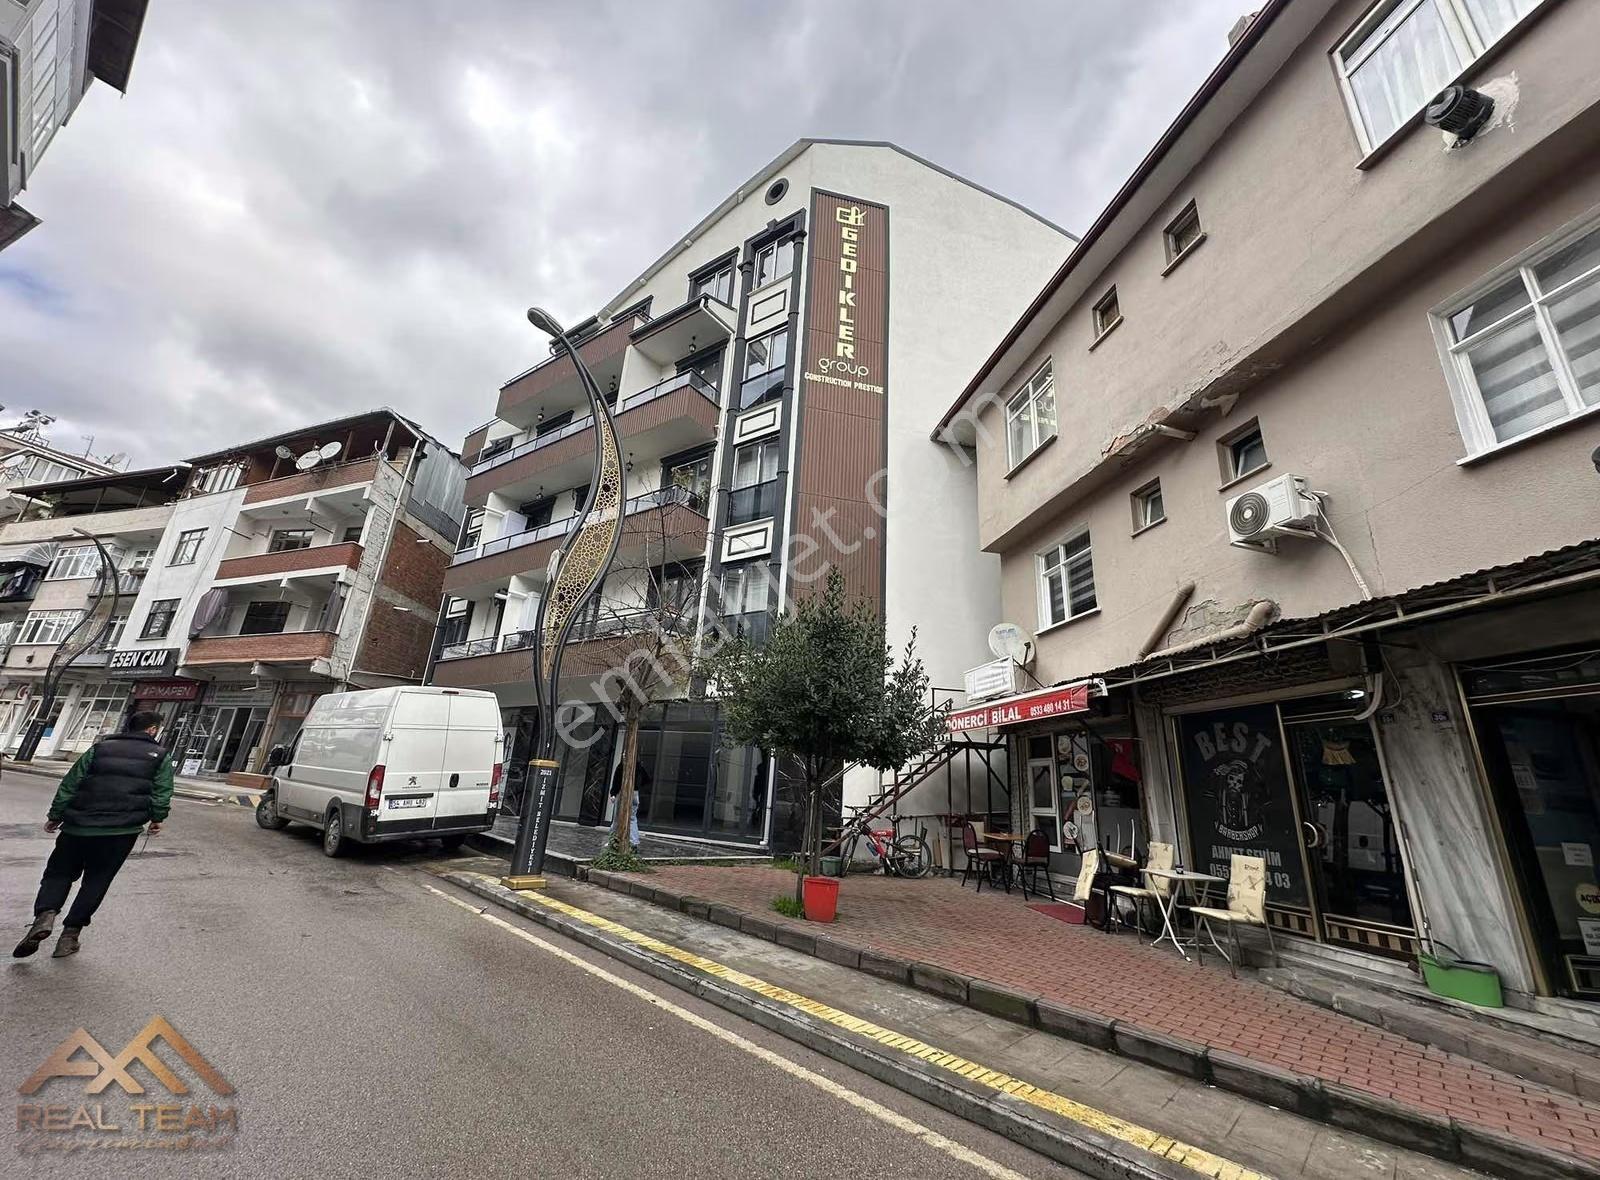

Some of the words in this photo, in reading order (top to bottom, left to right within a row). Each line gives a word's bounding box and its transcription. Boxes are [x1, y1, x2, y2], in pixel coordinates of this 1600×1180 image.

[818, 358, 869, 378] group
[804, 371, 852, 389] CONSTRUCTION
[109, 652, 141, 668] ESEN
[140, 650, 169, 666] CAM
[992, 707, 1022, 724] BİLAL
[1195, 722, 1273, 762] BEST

→ **WORK REQUIRED**:
Could you print all the entries exactly as they stand, with the pictures left out?

→ **RESULT FOR THIS TASK**:
Some of the words in this photo, in reading order (top to bottom, left to right within a row). Each line gives a word's bounding box and its transcription. Boxes are [x1, y1, x2, y2], in pixel coordinates of this 1600×1180 image.

[818, 358, 869, 378] group
[804, 371, 852, 389] CONSTRUCTION
[109, 652, 141, 668] ESEN
[140, 650, 169, 666] CAM
[992, 707, 1022, 724] BİLAL
[1195, 722, 1273, 762] BEST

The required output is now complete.